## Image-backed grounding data

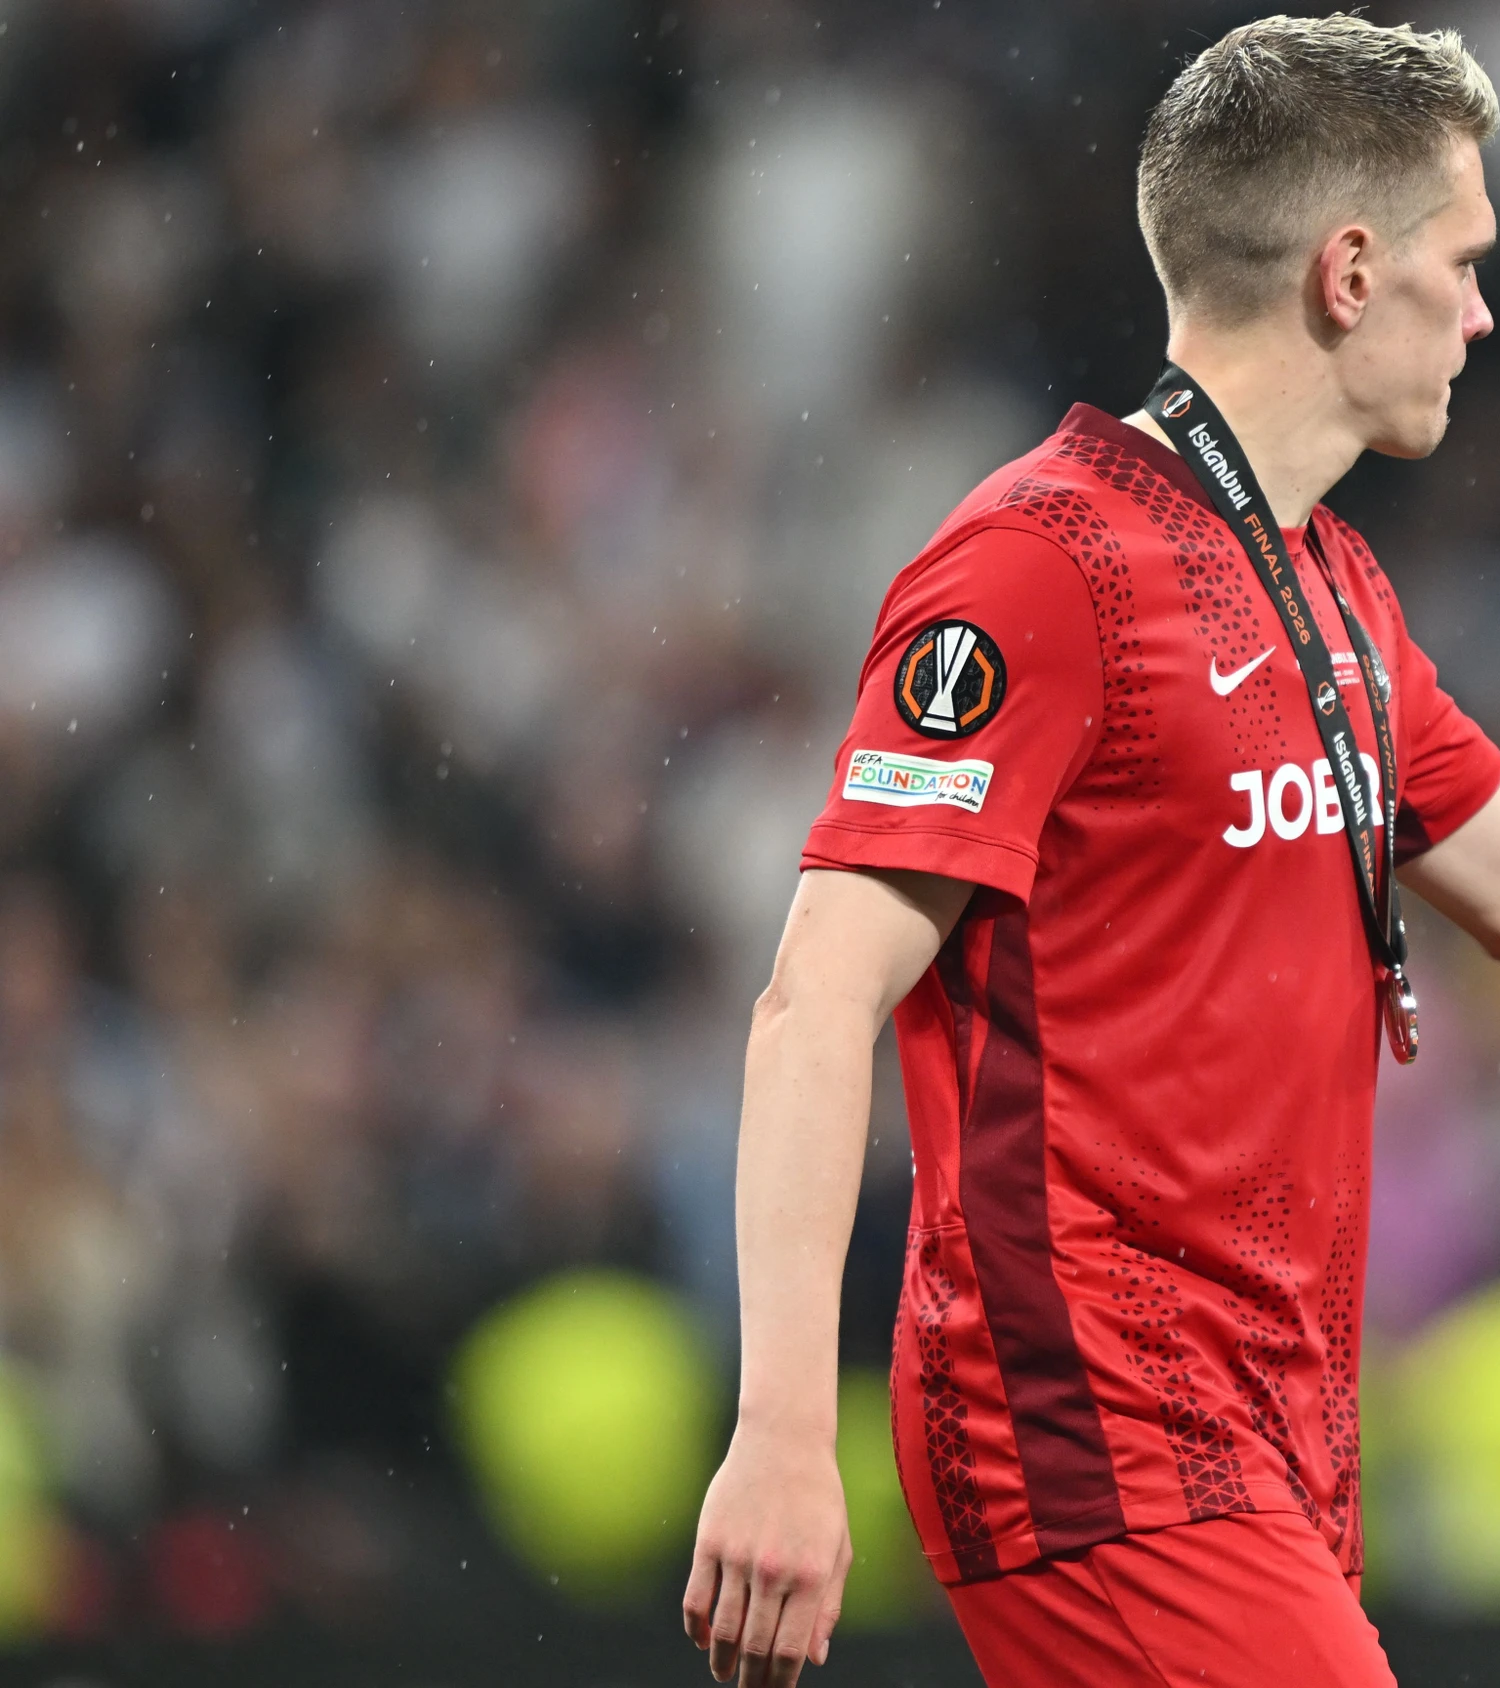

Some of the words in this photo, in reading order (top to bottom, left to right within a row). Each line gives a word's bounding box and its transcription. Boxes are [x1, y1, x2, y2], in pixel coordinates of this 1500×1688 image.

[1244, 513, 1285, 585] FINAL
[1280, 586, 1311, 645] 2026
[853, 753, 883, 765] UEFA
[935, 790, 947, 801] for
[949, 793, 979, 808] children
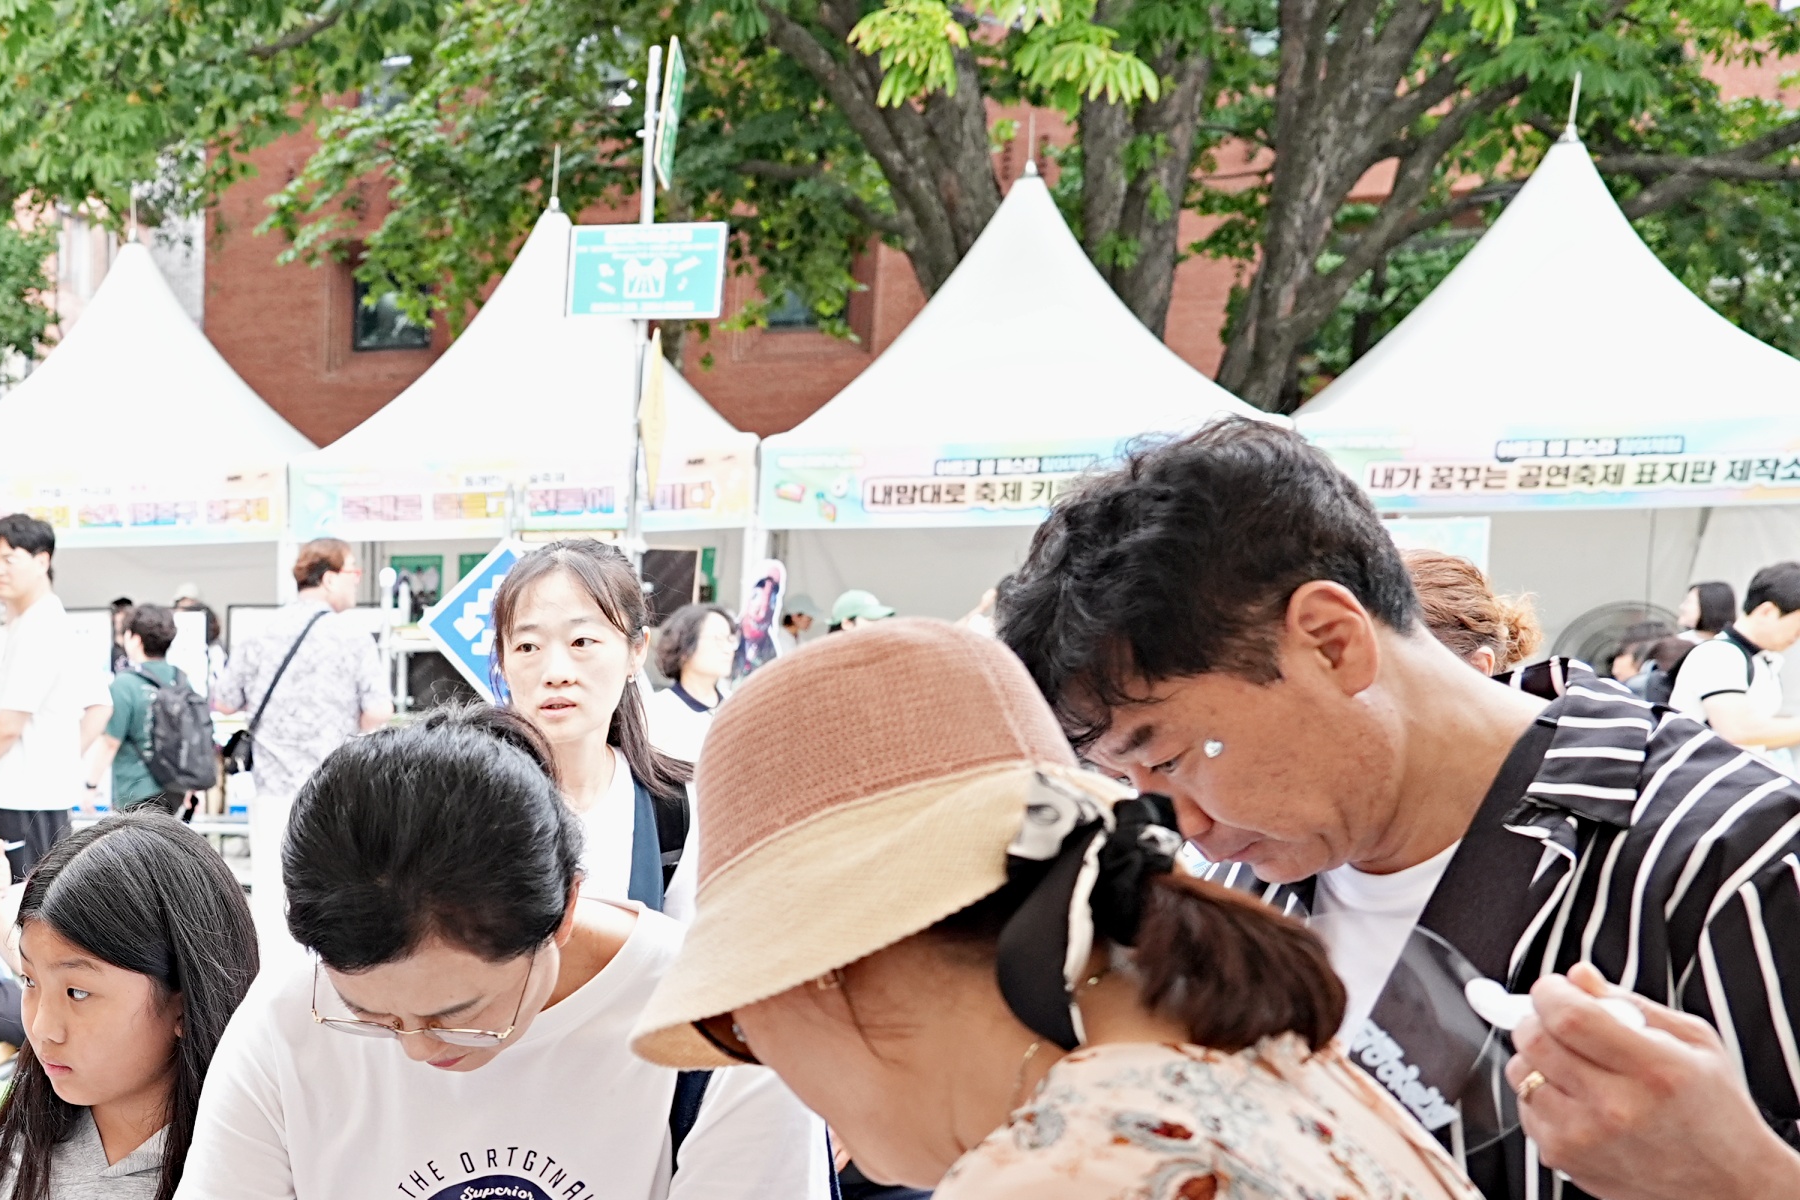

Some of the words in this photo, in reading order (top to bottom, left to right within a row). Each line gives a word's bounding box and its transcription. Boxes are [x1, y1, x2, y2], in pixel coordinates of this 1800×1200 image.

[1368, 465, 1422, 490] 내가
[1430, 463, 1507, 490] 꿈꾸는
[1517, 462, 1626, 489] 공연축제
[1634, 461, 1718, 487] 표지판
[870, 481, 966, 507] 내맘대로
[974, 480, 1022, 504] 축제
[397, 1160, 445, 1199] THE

## What this task involves
Where an entry holds an image, drop the image and copy the remaining text exactly.

## Task result
Some of the words in this photo, in reading order (top to bottom, left to right within a row). Each line gives a word's bounding box and its transcription. Boxes are [x1, y1, x2, y2], in pixel coordinates of this 1500×1688 image.

[1244, 513, 1285, 585] FINAL
[1280, 586, 1311, 645] 2026
[853, 753, 883, 765] UEFA
[935, 790, 947, 801] for
[949, 793, 979, 808] children

Some of the words in this photo, in reading order (top to bottom, left to right within a row). Each line gives a word's bounding box and its transcription. Boxes are [x1, y1, x2, y2], in pixel coordinates of this 1800×1200 image.

[1368, 465, 1422, 490] 내가
[1430, 463, 1507, 490] 꿈꾸는
[1517, 462, 1626, 489] 공연축제
[1634, 461, 1718, 487] 표지판
[870, 481, 966, 507] 내맘대로
[974, 480, 1022, 504] 축제
[397, 1160, 445, 1199] THE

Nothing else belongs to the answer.